Module name: pennylane.decorator

Decorator for converting a quantum circuit function containing PennyLane quantum operations to a QNode that will run on a quantum device.

This decorator is provided for convenience, and allows a quantum circuit function to be converted to a QNode implicitly, avoiding the need to manually instantiate a QNode object.

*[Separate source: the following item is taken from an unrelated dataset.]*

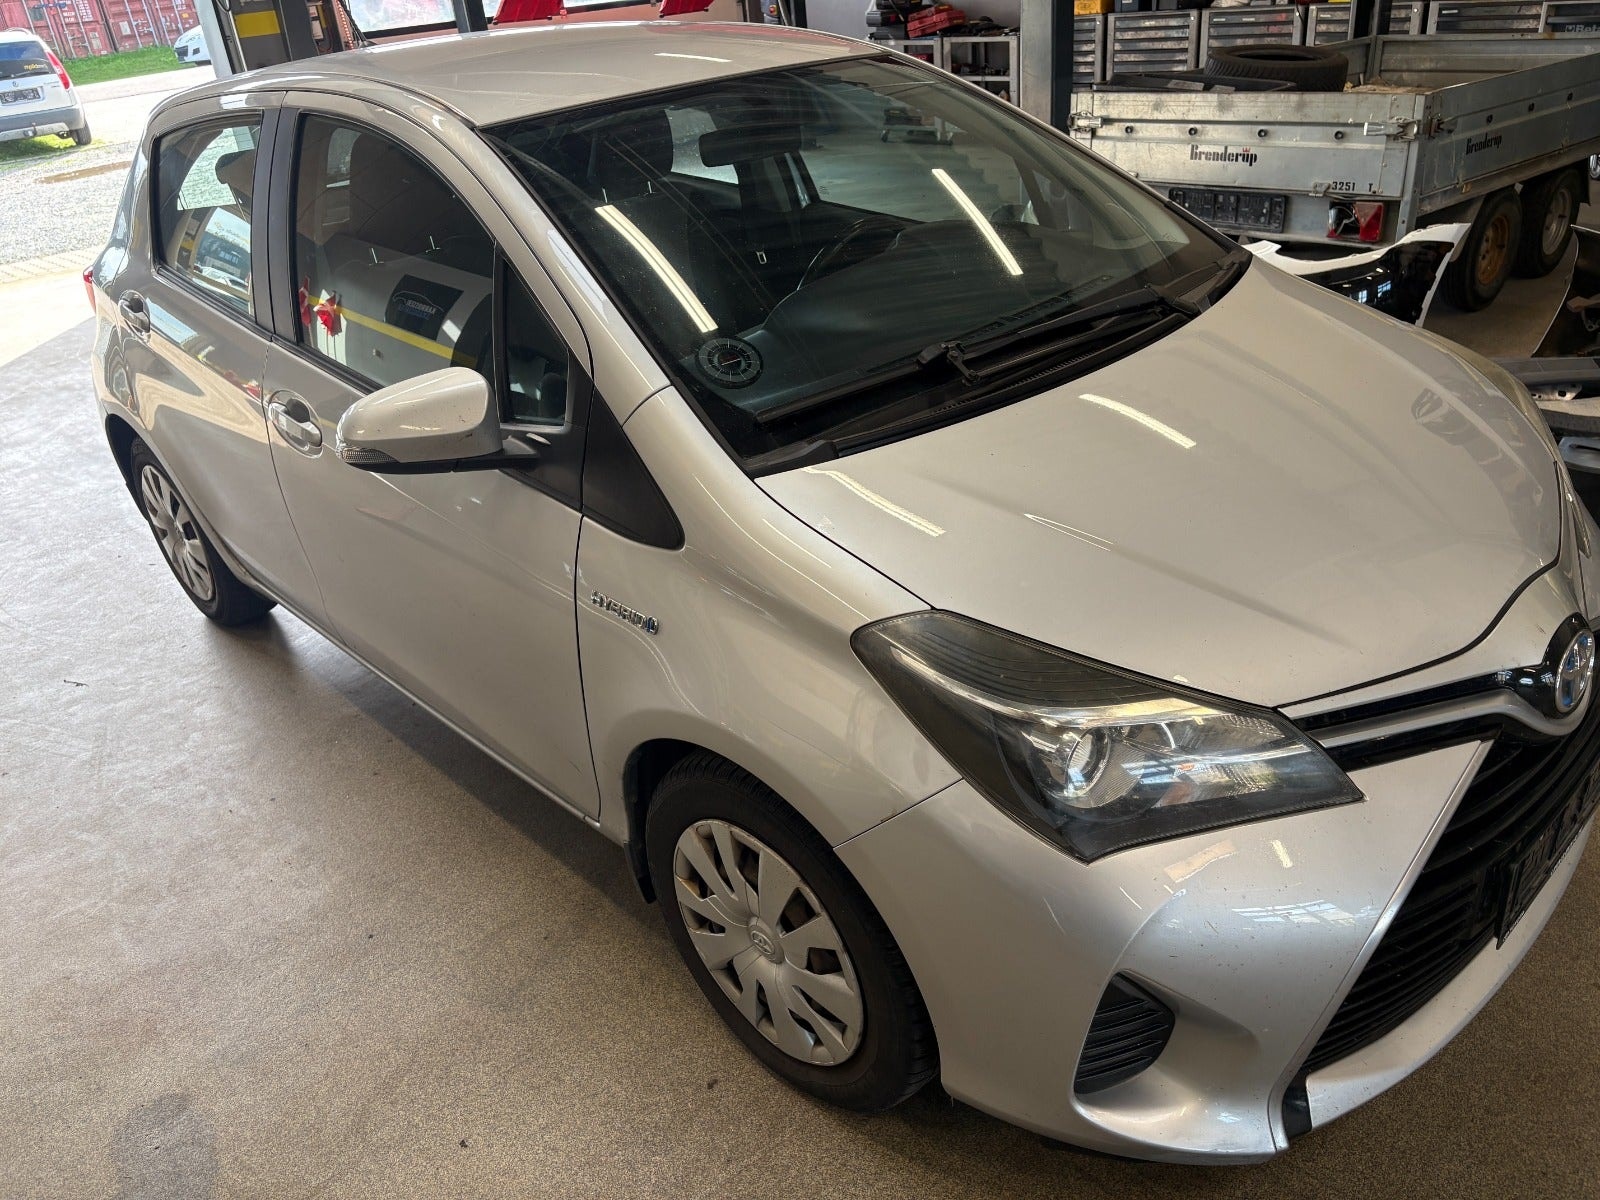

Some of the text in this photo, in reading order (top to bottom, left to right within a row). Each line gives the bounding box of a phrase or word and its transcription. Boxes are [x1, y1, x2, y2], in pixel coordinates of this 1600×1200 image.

Note that the decorator completely replaces the Python-defined function with a QNode of the same name - as such, the original function is no longer accessible (but is accessible via the func attribute).

Example

dev1 = qml.device('default.qubit', wires=2)

@qml.qnode(dev1)
def qfunc1(x):
    qml.RZ(x, wires=0)
    qml.CNOT(wires=[0,1])
    qml.RY(x, wires=1)
    return qml.expval(qml.PauliZ(0))

result = qfunc1(0.543)

Once defined, the QNode can then be used like any other function in Python. This includes combining it with other QNodes and classical functions to build a hybrid computation. For example,

dev2 = qml.device('default.gaussian', wires=2)

@qml.qnode(dev2)
def qfunc2(x, y):
    qml.Displacement(x, 0, wires=0)
    qml.Beamsplitter(y, 0, wires=[0, 1])
    return qml.expval(qml.MeanPhoton(0))

def hybrid_computation(x, y):
    return np.sin(qfunc1(y))*np.exp(-qfunc2(x+y, x)**2)

Note

Applying the qnode() decorator to a user-defined function is equivalent to instantiating the QNode object manually. For example, the above example can also be written as follows:

def qfunc1(x):
    qml.RZ(x, wires=0)
    qml.CNOT(wires=[0,1])
    qml.RY(x, wires=1)
    return qml.expval(qml.PauliZ(0))

qnode1 = qml.QNode(qfunc1, dev1)
result = qnode1(0.543)

Classical interface support (experimental)

To try one of the new classical machine learning interfaces, you can specify the interface keyword argument when using the QNode decorator.

Current classical interfaces include:

If not specified, the standard NumPy/autograd classical interface,

from pennylane import numpy as np

is used, which enhances standard NumPy functions with automatic differentiation via the Autograd package.

Code details

qnode(device, interface='numpy', cache=False)[source]

QNode decorator.

Parameters:
  • device (Device) – a PennyLane-compatible device
  • interface (str) –

    the interface that will be used for automatic differentiation and classical processing. This affects the types of objects that can be passed to/returned from the QNode:

    • interface='numpy': The QNode accepts default Python types (floats, ints, lists) as well as NumPy array arguments, and returns NumPy arrays.
    • interface='torch': The QNode accepts and returns Torch tensors.
    • interface='tfe': The QNode accepts and returns eager execution TensorFlow tfe.Variable objects.
  • cache (bool) – If True, the quantum function used to generate the QNode will only be called to construct the quantum circuit once, on first execution, and this circuit structure (i.e., the placement of templates, gates, measurements, etc.) will be cached for all further executions. The circuit parameters can still change with every call. Only activate this feature if your quantum circuit structure will never change.